That project may sound paranoid, but I've got proof. The stars of this film -- co-producers Mary-Kate and Ashley Olsen -- have built a $1 billion entertainment empire since breaking into show business as nine-month-olds on the ABC situation comedy "Full House." Now 17,

these wraithlike twins with enormous, Keene-painting eyes have a "fashion and lifestyle collection" sold at

Wal-Mart, which is equally adept

at taking over the country.

The Hollywood-bred sisters have also performed in dozens of previous movies that went straight to video. For better or for worse, New York Minute has made it to the big screen. Directed by Dennie Gordon from a script by three similarly unknown people, it's a screwball comedy on steroids about siblings in peril.

Jane (Ashley) and Roxy (Mary-Kate) Ryan feud, flee bad guys, fall in love with good guys, and finally realize it's important to "always be true to yourself." That's actually only a quote from the Daily Thought section on the official Olsen website, which promotes their cool clothing, cosmetics and interior-decoration products. The true moral of the motion picture is seemingly that blood's thicker than, um, mascara.

The young ladies, who live with their single dad and attend high school in suburbia, are polar opposites engaged in a familiar odd-couple dynamic. They look almost exactly alike but feel disdain for each other's tastes and 'tudes. All the action takes place on one particular day, when their separate plans converge in a series of joint encounters with madcap mayhem.

Jane's an uptight control freak whose tidy pink bedroom features a George W. Bush bobble-head doll and a framed photograph of Arnold Schwarzenegger. This Republican subplot never goes anywhere. Her goal is to win a scholarship to study at Oxford by giving a speech before the committee that chooses between competing applicants.

An aspiring drummer with a preference for squalor, Roxy hopes to slip her demo tape to record-company moguls at an outdoor music-video shoot for the punk band Simple Plan. This means skipping classes, which she's done many times before. A zealous truant officer -- played by the wonderful Eugene Levy of A Mighty Wind fame -- is obsessed with catching her in the act.

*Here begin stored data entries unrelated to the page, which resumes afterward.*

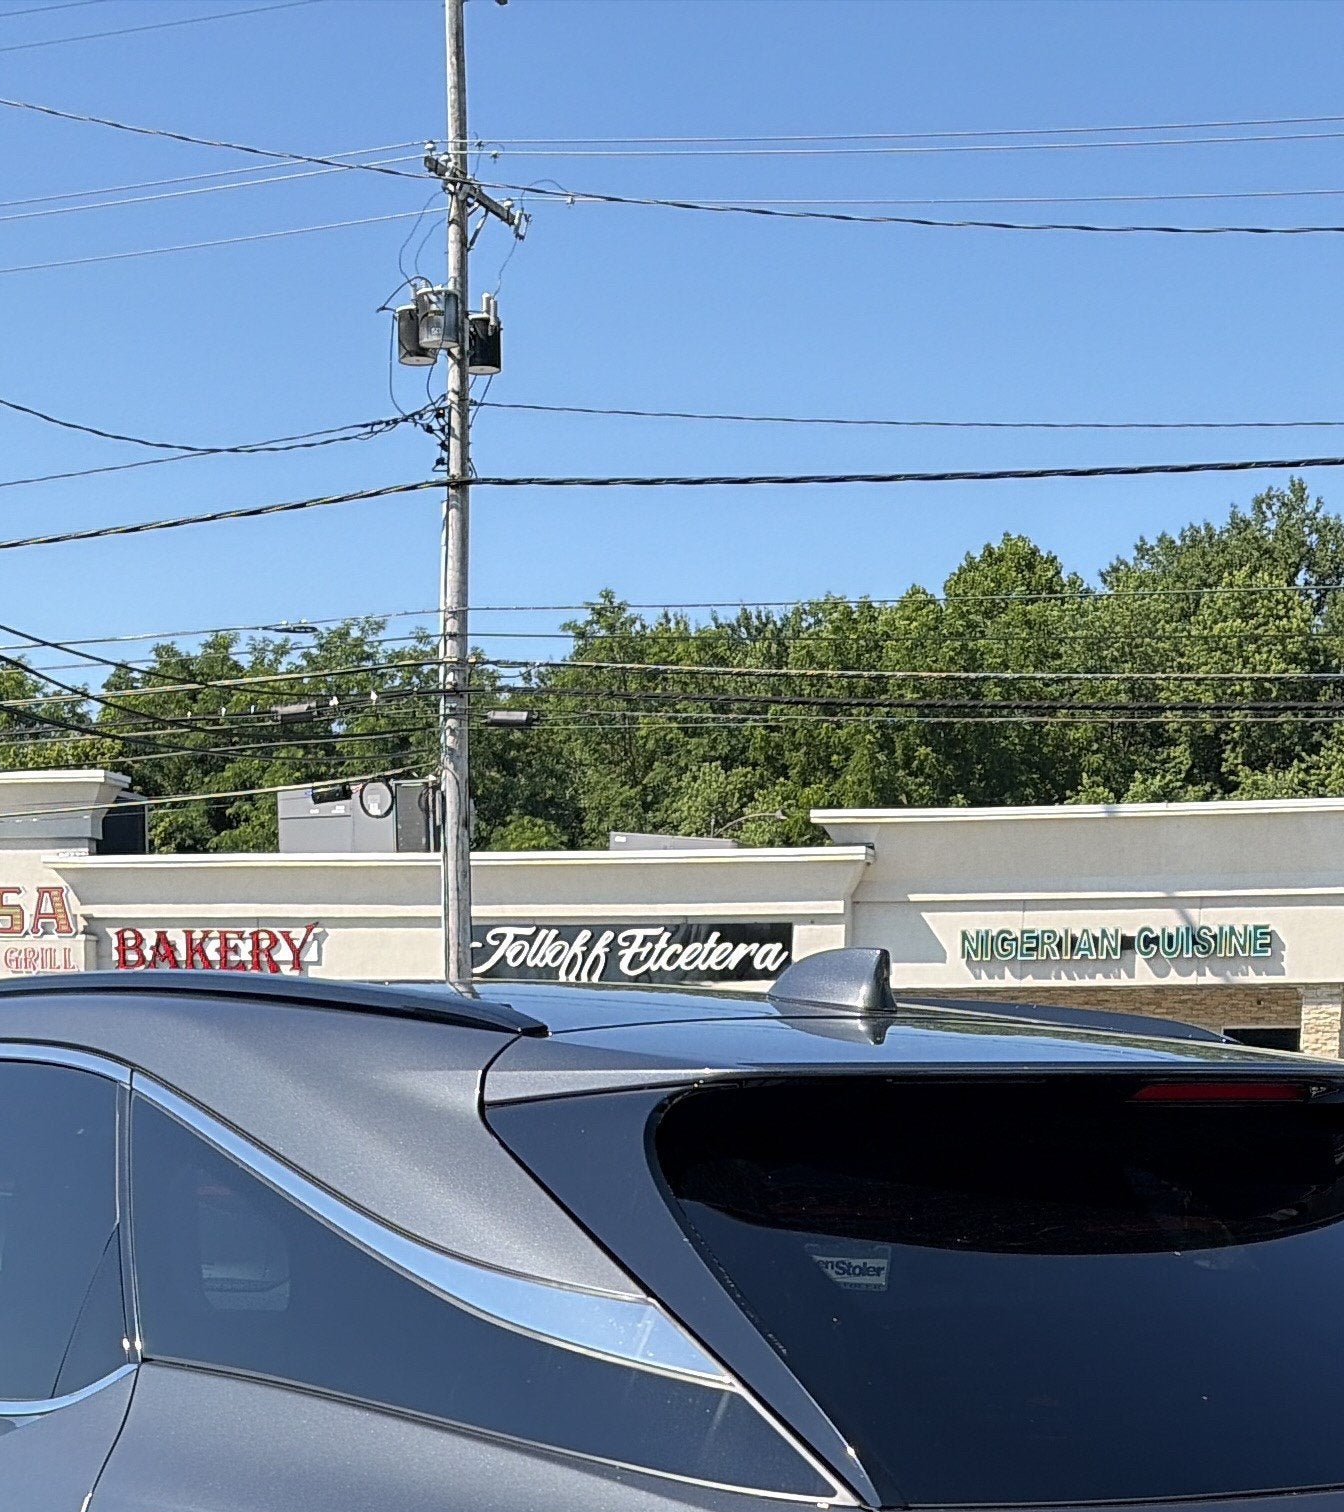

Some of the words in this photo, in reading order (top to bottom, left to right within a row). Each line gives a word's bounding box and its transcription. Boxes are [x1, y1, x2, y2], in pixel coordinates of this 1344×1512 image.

[5, 946, 77, 971] GRILL
[116, 921, 320, 974] BAKERY
[619, 926, 789, 976] Etcetera
[961, 927, 1121, 961] NIGERIAN
[1135, 923, 1272, 960] CUISINE

While squabbling on a Long Island Railroad ride into Manhattan, Jane and Roxy accidentally drench a fellow passenger ("Saturday Night Live" comic Darrell Hammond) with their beverages. He keeps popping back into the proceedings at unexpected moments, as does a hunky bike messenger (Riley Smith) who finds Jane quite attractive. Coincidences abound. Many are exceedingly far-fetched.

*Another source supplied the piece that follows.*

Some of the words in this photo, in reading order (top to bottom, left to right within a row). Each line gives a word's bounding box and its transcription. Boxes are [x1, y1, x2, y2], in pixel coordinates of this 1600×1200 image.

A villainous buffoon (Andy Richter, the former Conan O'Brien sidekick) begins chasing the siblings after one of his criminal associates, evading the police, tosses a valuable microchip into Roxy's handbag. This character, the adopted white-bread son of an Asian family, speaks with a fake Chinese accent -- among the less humorous touches in a story that tries way too hard to deliver the gags. Other ethnic groups are periodically stereotyped in this fruitless effort.

In an early sequence, we learn that Jane speaks fluent Mandarin and Roxy's a Jiu-Jitsu expert with Crouching Tiger finesse. No matter. These throwaway details never resurface.

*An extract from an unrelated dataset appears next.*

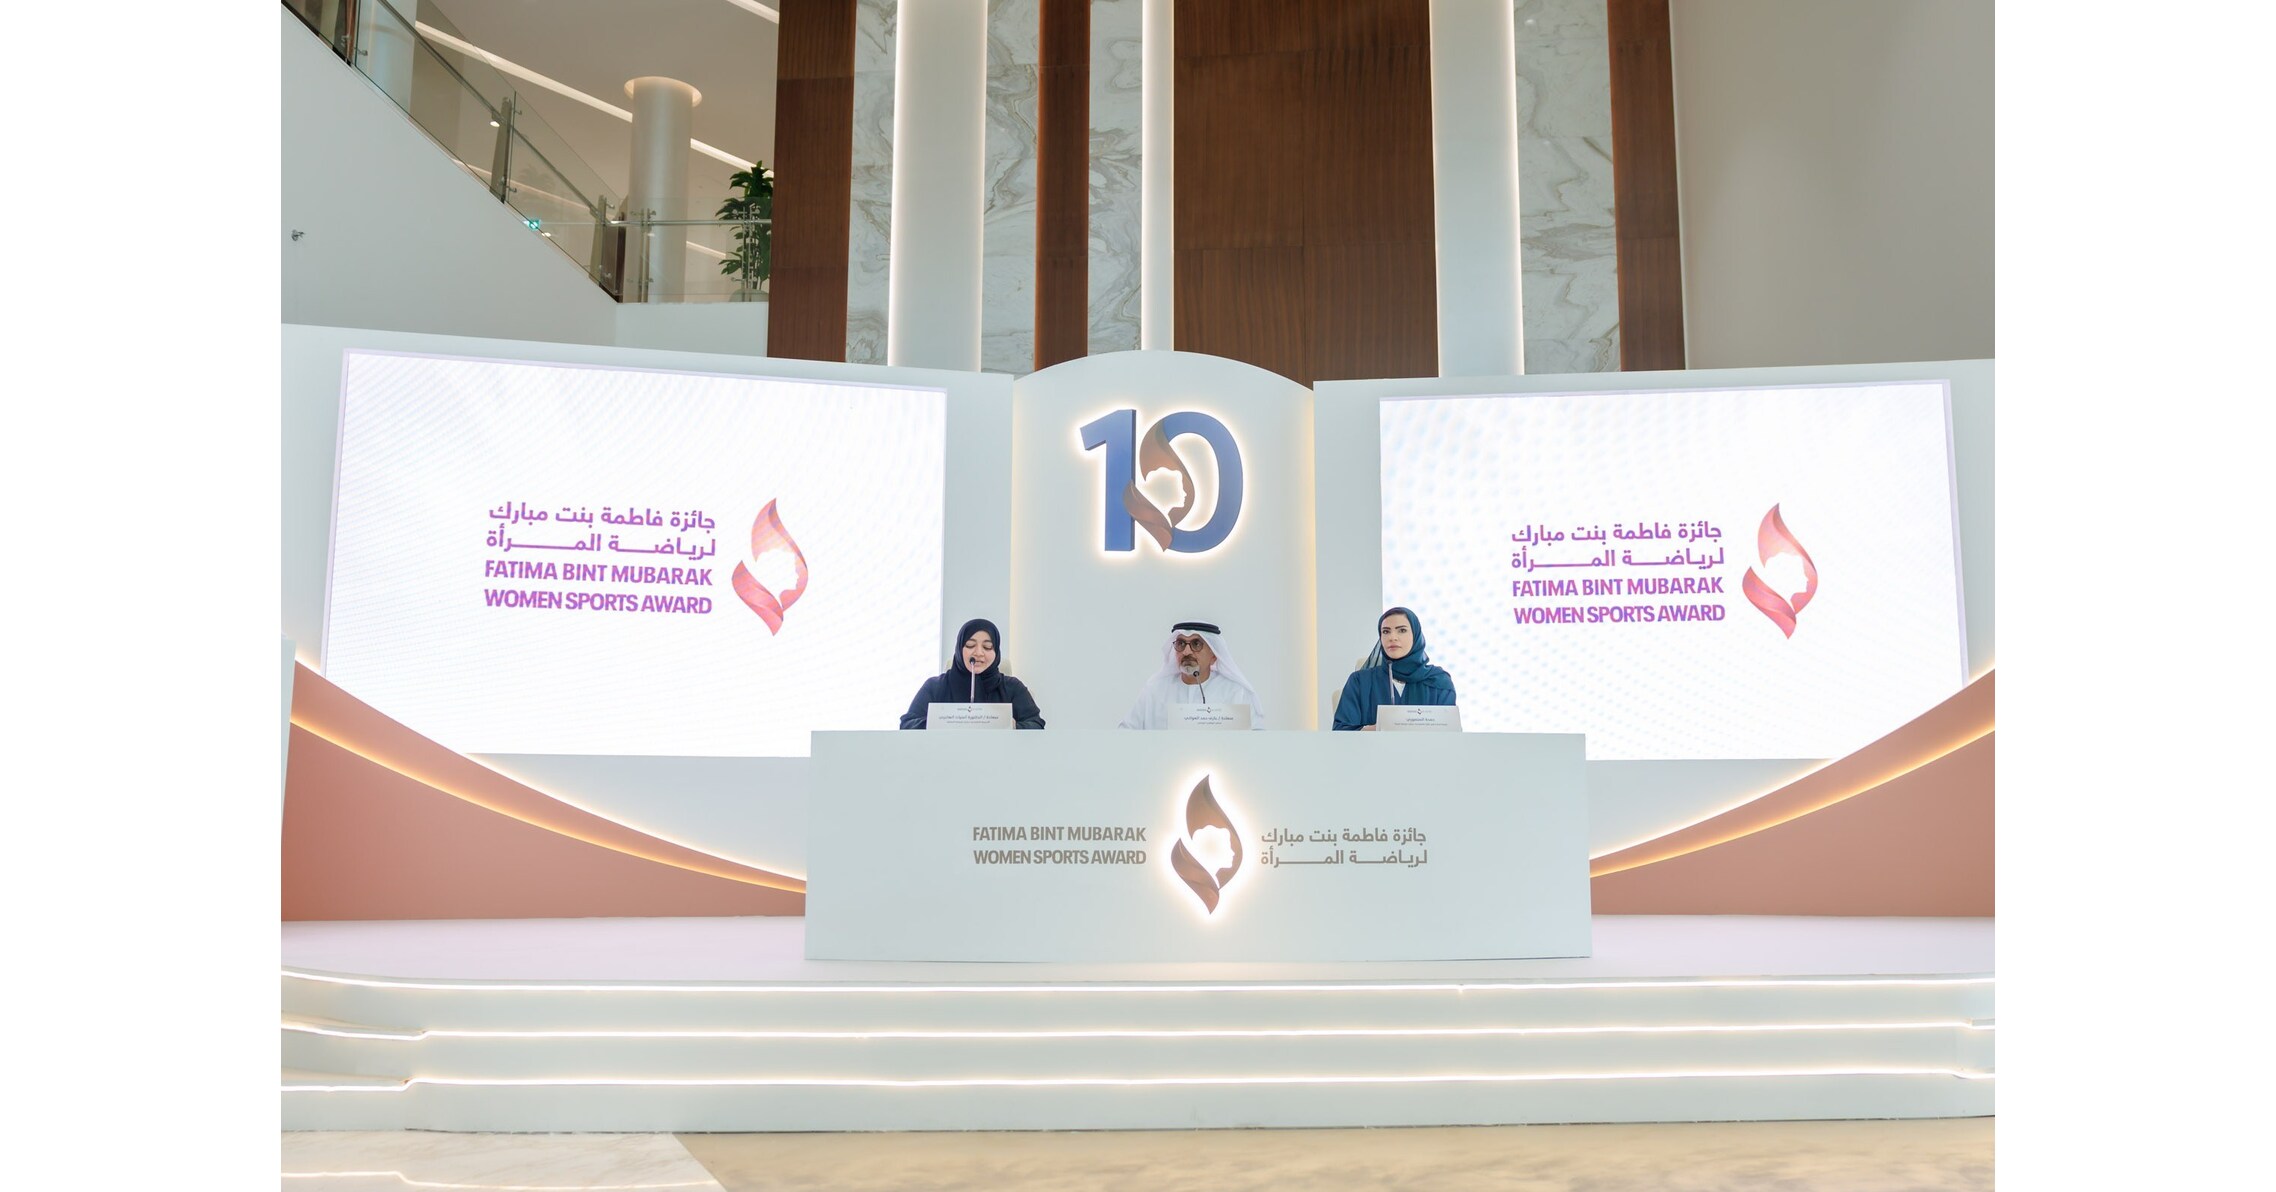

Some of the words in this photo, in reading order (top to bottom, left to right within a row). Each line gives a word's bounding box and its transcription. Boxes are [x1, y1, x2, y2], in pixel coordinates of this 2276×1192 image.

Still trying to get to their respective destinations and evade their pursuers, the girls duck uninvited into the hotel room of a U.S. Senator (Andrea Martin, like Levy a "Second City" alum). There, they meet her son (Jared Padalecki), who takes a fancy to Roxy. Before long, though, the intrepid twins are on the lam again, this time with the politician's little frou-frou dog in tow.

The chase scenes wind through taxicabs, limos, Winnebagos, subway stations and sewers as the feisty heroines navigate the island from above and beneath during an improbably frenetic afternoon. But the thrill of cinematic sightseeing in my hometown (Isn't that the hospital where I was born?) lasts only until the closing credits reveal that much of New York Minute was filmed in Toronto. Oh, Big Apple, why can't you be true to yourself?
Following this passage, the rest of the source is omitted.